Here is my personal views for not using a Grayling bobber for all of today's Grayling angling.

  1. Do you really need to have such a bulbous and buoyant float to suspend 2 maggots, a piece of sweetcorn or a small worm below, in gentle slow glides? Not all Grayling are found in fast turbulent water.
  2. The disturbance they cause when retrieving them creating a wake behind them on some of the larger bobber's I've seen used for targeting Grayling.
  3. If using a centrepin reel you exert more energy and become tired very quickly reeling in a bobber which you are trying to retrieve back upstream against the current.
  4. Distance of long trotting, these floats sit low to the water in most cases and at greater distances are less visible than other floats.
  5. Smaller fish, such as par and fingerlings don't always register bites on a more buoyant bobber float and this results in unnecessary deep hooking of smaller fish.
The list could go on but for me these would be my top 5 reasons not to use a bobber float in all your Grayling fishing you intend to do.

I prefer what has become known by a lot of anglers as a trotting float, or Avon style floats depending on which part of the country you fish, specifically designed to be used on rivers where sight at distance is the main factor, not too dissimilar to a bobber except in the fact that the body is less bulbous and more streamlined,  such as the examples below.





More cigar shaped than the bobbers,they sit higher in the water using less weight allowing greater distances to be fished, I've used these floats to long-trot in excess of 50 meters and still see the float clearly.










Not always fitted with long stems such as the examples below to be fished in shallow water.


Reg Ryghini a founder Grayling angler and advocate of today's Grayling Society nailed it in my honest opinion.

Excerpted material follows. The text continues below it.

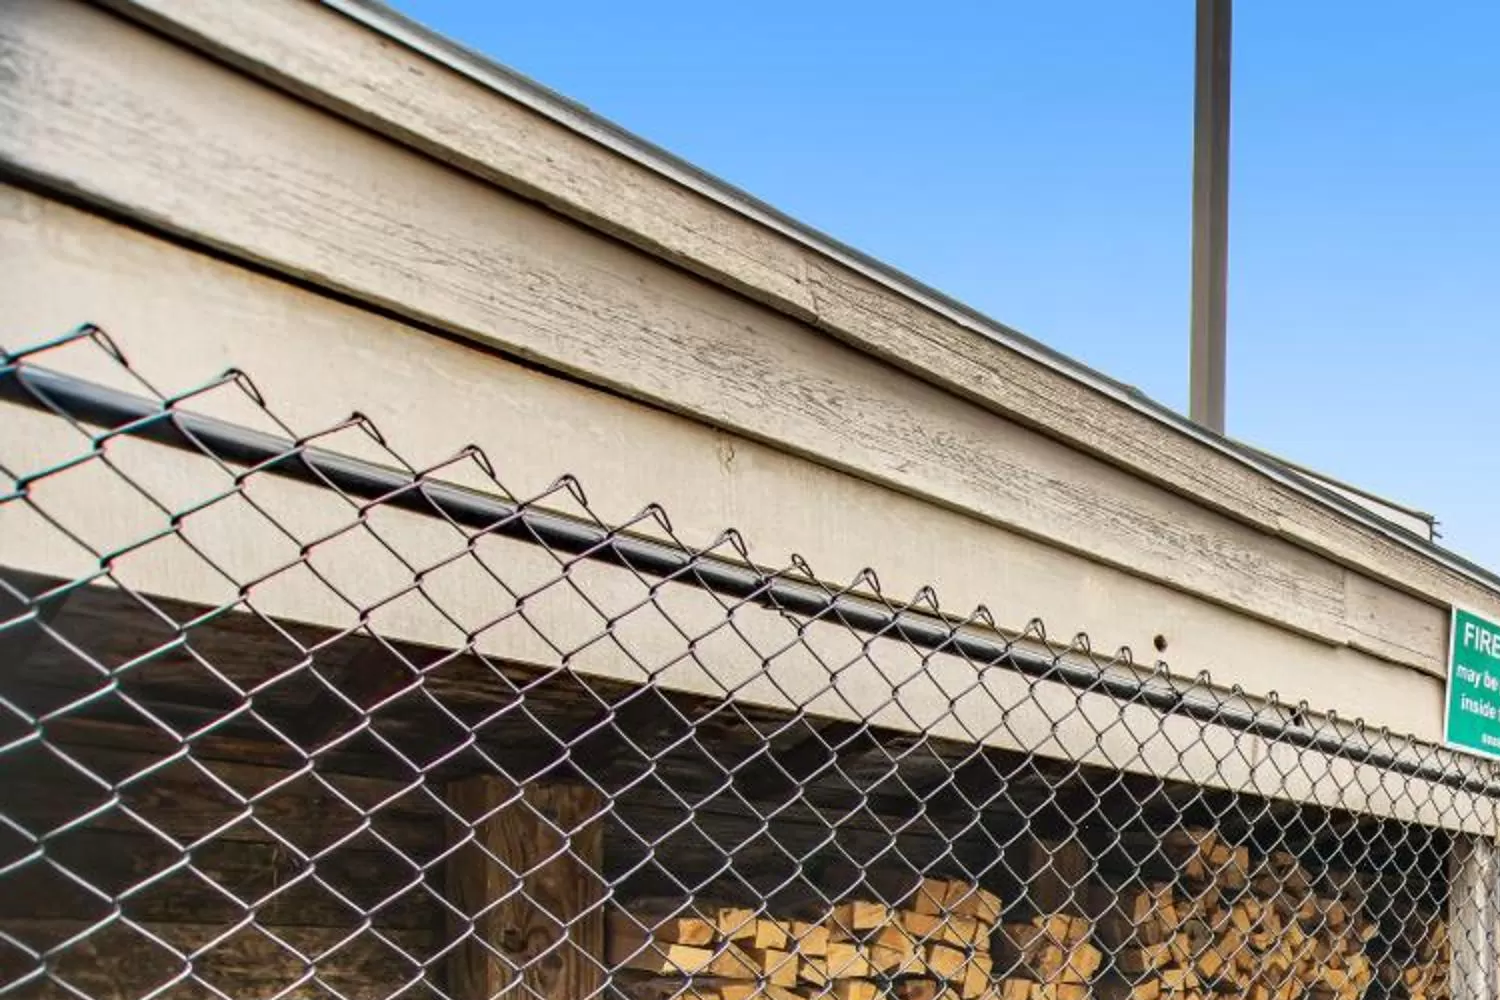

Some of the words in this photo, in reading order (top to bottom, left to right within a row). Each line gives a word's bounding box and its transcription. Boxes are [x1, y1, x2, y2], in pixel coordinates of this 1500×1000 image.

[1456, 664, 1482, 688] may
[1483, 670, 1498, 691] be
[1461, 693, 1496, 719] inside

Reg a Yorkshire-man made it his life long ambition to fish as many Grayling rivers as he could and up to his death in 1987 he had accomplished 142 separate rivers in search of Grayling.
Reg describes the bobber float as sufficient for fishing small pools but you need to know what your looking for as fish will not always register bites on the float, and of no use for trotting, in the fact that it is too difficult to see at distances and unless it is over shotted  (which makes it more difficult to see) is not sufficiently sensitive to register bites quick enough. The fish feels the resistance of the float and lets go of the hook before it can be driven home.

In my opinion it cannot be explained any better than that.

Reg experimented with a multitude of float designs and settled on a long balsa body with a wire stem.

something not too dissimilar to these.


Streamlined, very visible at distance, easily retrieved along the surface with the minimal of resistance and very sensitive to bites.

So is the Grayling bobber still relevant today as a float for all occasions? Personally I think the answer's are above, but you can decide for yourself, whatever your views enjoy the Lady of the Stream and treat her with the respect she deserves.


Thanks to Mark & Tony for an interesting topic of discussion.